**Instructions for the task:** The data below should be copied out exactly, with its pictures omitted.

Images for object localization:
........

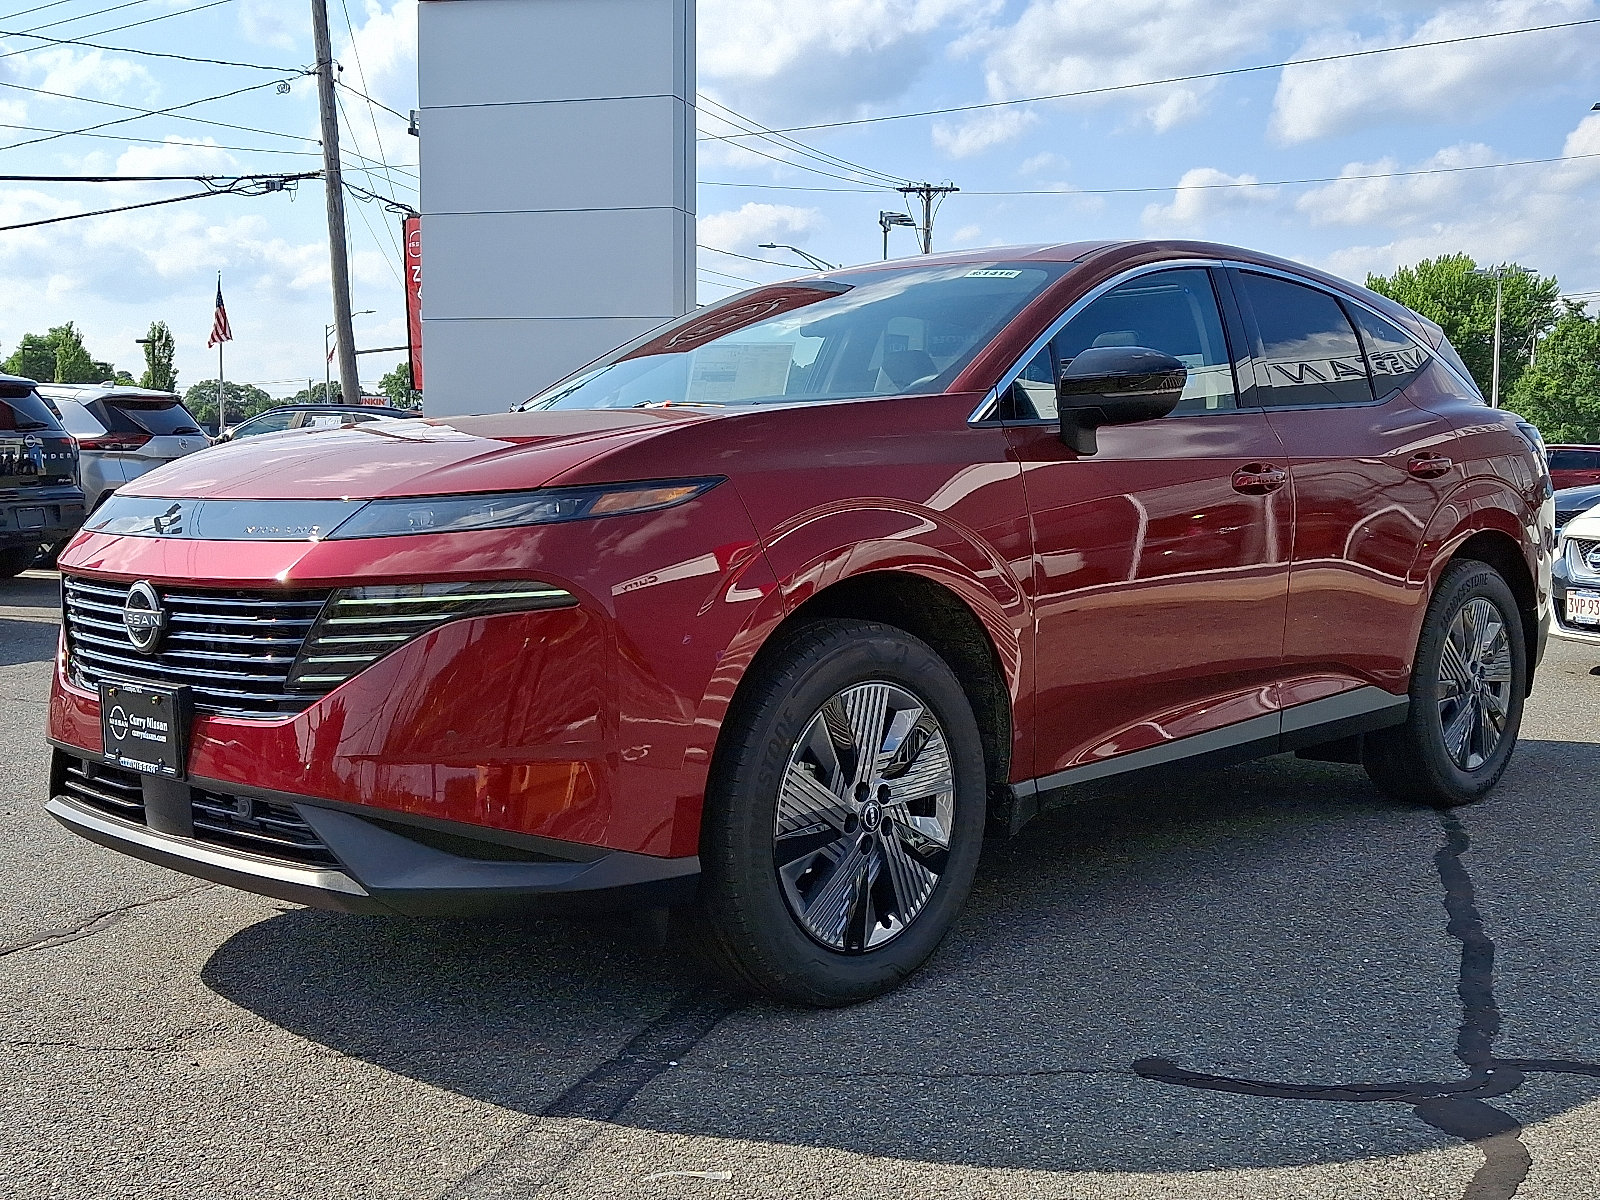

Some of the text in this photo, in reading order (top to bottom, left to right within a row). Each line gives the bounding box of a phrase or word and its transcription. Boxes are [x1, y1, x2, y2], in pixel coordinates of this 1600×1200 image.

[1, 453, 72, 461] THFINDER
[127, 613, 160, 626] SSAN
[129, 713, 168, 731] Curry Nissan
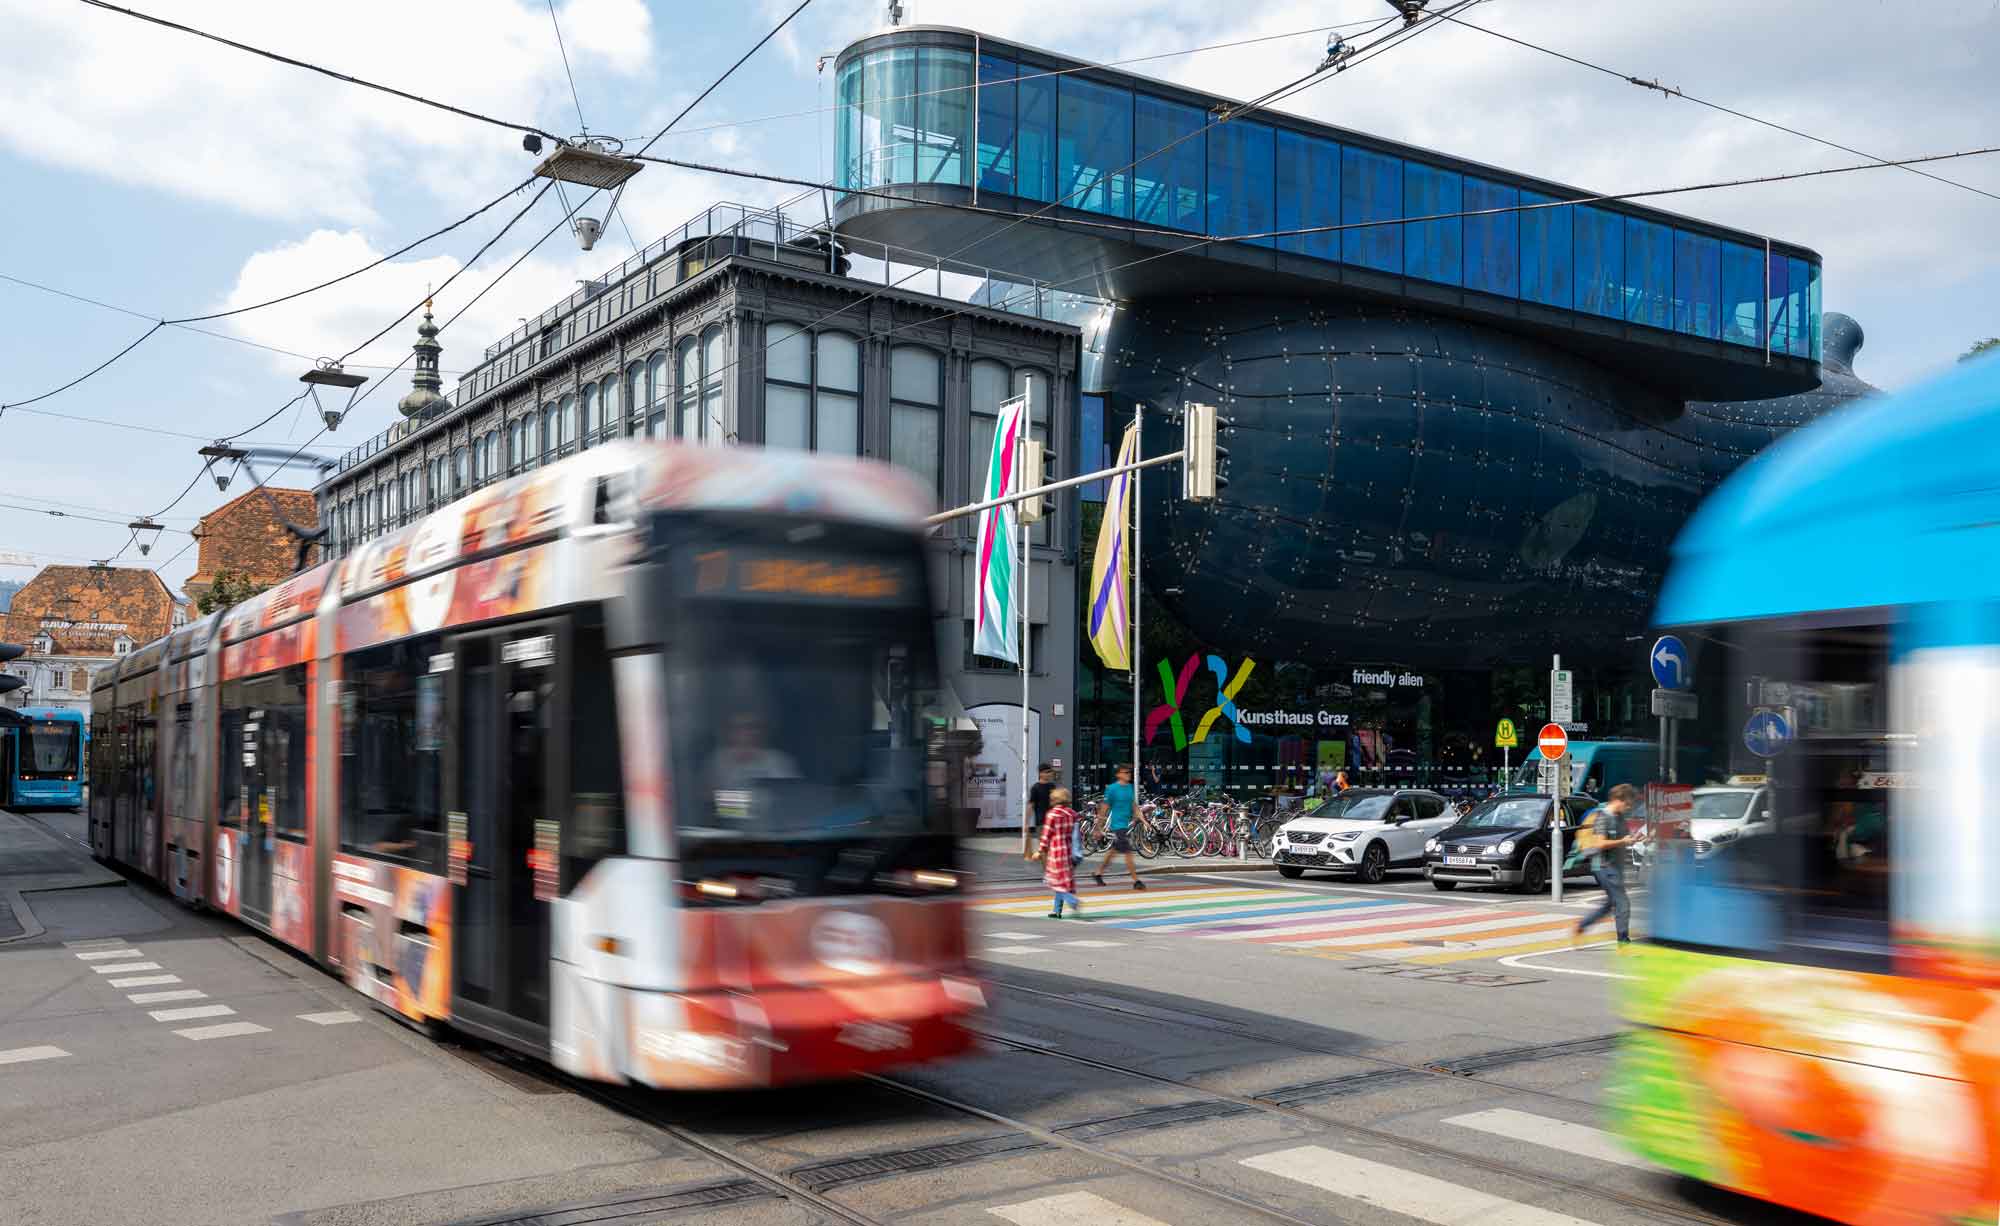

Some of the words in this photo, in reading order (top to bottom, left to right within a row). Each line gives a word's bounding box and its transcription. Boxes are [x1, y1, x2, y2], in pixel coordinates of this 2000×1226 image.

[1352, 669, 1396, 688] friendly
[1398, 672, 1424, 687] alien
[1236, 708, 1314, 725] Kunsthaus
[1317, 710, 1349, 726] Graz
[1501, 721, 1510, 737] H
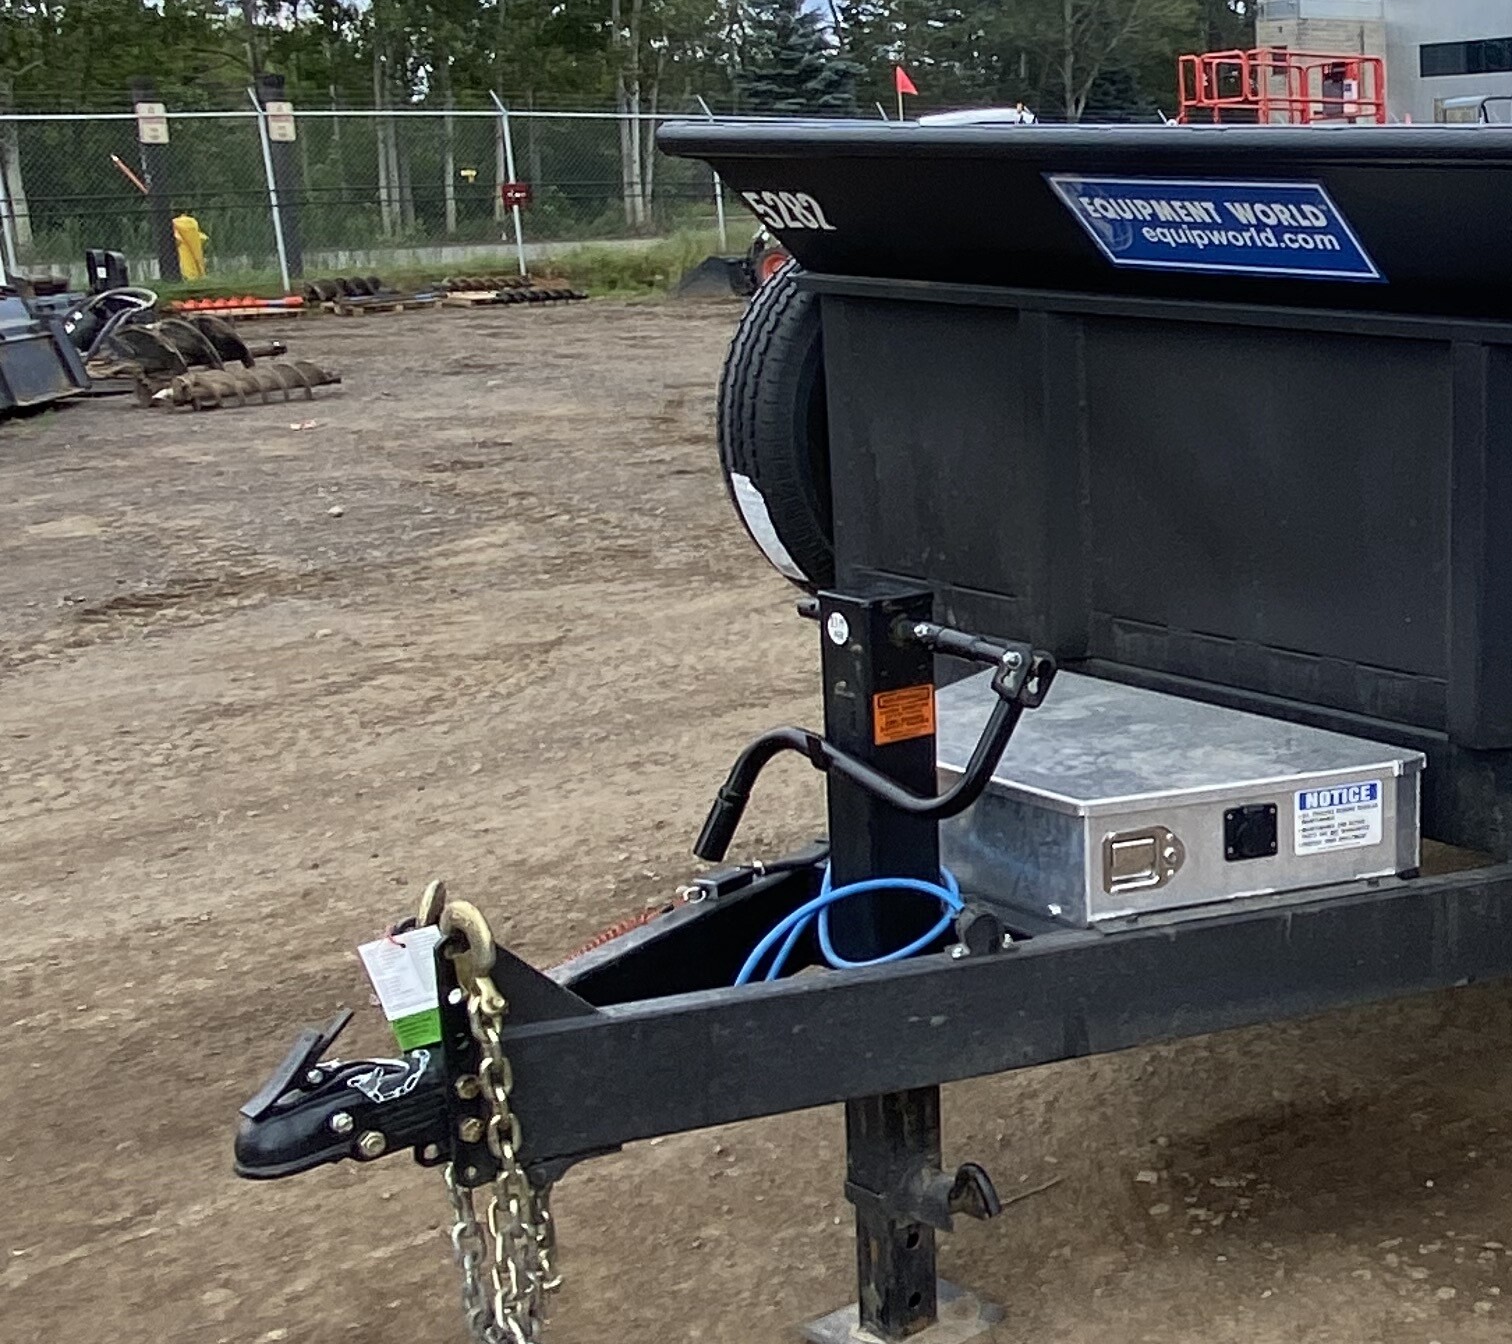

........

**Finished exercise:**
Some of the text in this photo, in reading order (top to bottom, left to right within a row). Each line gives the bounding box of a phrase or word and its transcription. Boxes are [x1, y1, x2, y2], in pixel coordinates of this 1600×1200 image.

[1, 453, 72, 461] THFINDER
[127, 613, 160, 626] SSAN
[129, 713, 168, 731] Curry Nissan

Some of the words in this photo, in reading order (top to bottom, left to right within a row). Each line gives a word's bounding box and its transcription. Boxes are [x1, y1, x2, y2], in pixel coordinates of this 2000×1226 image.

[1352, 669, 1396, 688] friendly
[1398, 672, 1424, 687] alien
[1236, 708, 1314, 725] Kunsthaus
[1317, 710, 1349, 726] Graz
[1501, 721, 1510, 737] H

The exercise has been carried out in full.